“Moot” — An international children’s picture book about an 8-year-old Dutch girl who wants to save the world
Imagine there’s a red-headed, freckled little Dutch girl named Moot who wants so much to help protect the planet and save the world. She lives just outside Amsterdam, with her mother and father, older sister Lila and Grandma Bell. She asked a grown-up to write a picture book for kids about her interest in creating a sustainable world, and someone did.
Meet Daniel Halevi Bloom, author of the 1985 picture book “Bubbie and Zadie Come to My House,” first published in New York by the Villard imprint at Random House and then reprinted in 2006 when Rudy Shur brought out a new edition with a new cover and inside art.
Bloom is a climate activist with an eye on the future, but for this picture book about a little girl named Moot, he wanted to focus on sustainability issues, from the viewpoint of a little Dutch girl with a big heart and a far-seeing mind. So he sat down the other day and wrote ”Moot: An international children’s picture book about an 8-year-old Dutch girl who wants to save the world.”
The book is available online free of charge, a very short read, just 10 or 20 minutes if you read it out loud to your children or students in elementary school. It’s a read-out-loud kind of book, with the adult reader using their emotions and voice to project the thoughts and feelings of Moot.
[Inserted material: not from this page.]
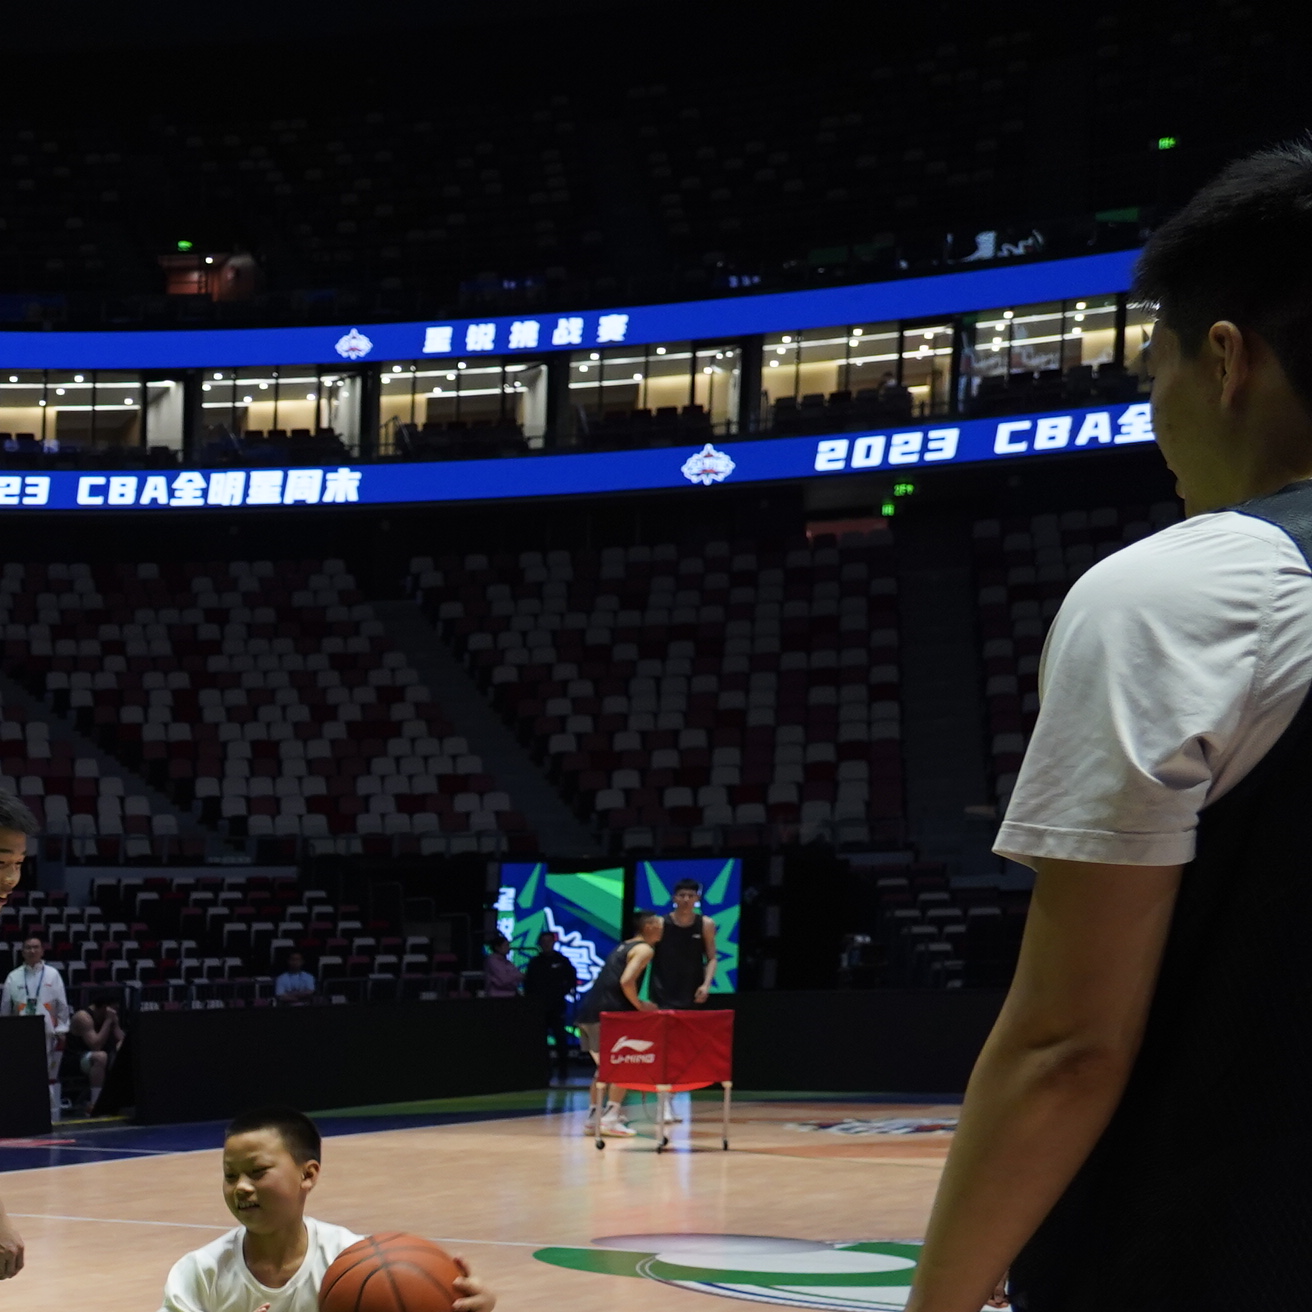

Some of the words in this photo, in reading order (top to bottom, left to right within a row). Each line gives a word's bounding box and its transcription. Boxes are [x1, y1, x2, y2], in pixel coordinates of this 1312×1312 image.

For the time being, the book will remain online only and there are no plans to bring the story to a publishing house or an ebook publisher. Bloom likes the book the way it is, and he calls it a blook (for blog + book). However, if someday a publisher in North America or Europe wants to bring the story out as a real, physical, in-your-hands picture book of about 32 pages, the author will be happy to talk about it.
For now, the book is yours to enjoy and use as you wish, and if you find some children you want to hear the book read out loud, then by all means make a hard copy of the story by printing it out on paper and then reading it to your own children or your school class. This book is not about making money, and it will always be free of charge online.
Just to give you a taste of the book’s 10 short chapters, here’s the first chapter:
“I think we should start thinking about taking all the cars and trucks and taxis and buses off the roads, all around the world, in order to lower our CO2 emissions,” said Moot, an 8-year-old Dutch girl who lives in a small village outside Amsterdam.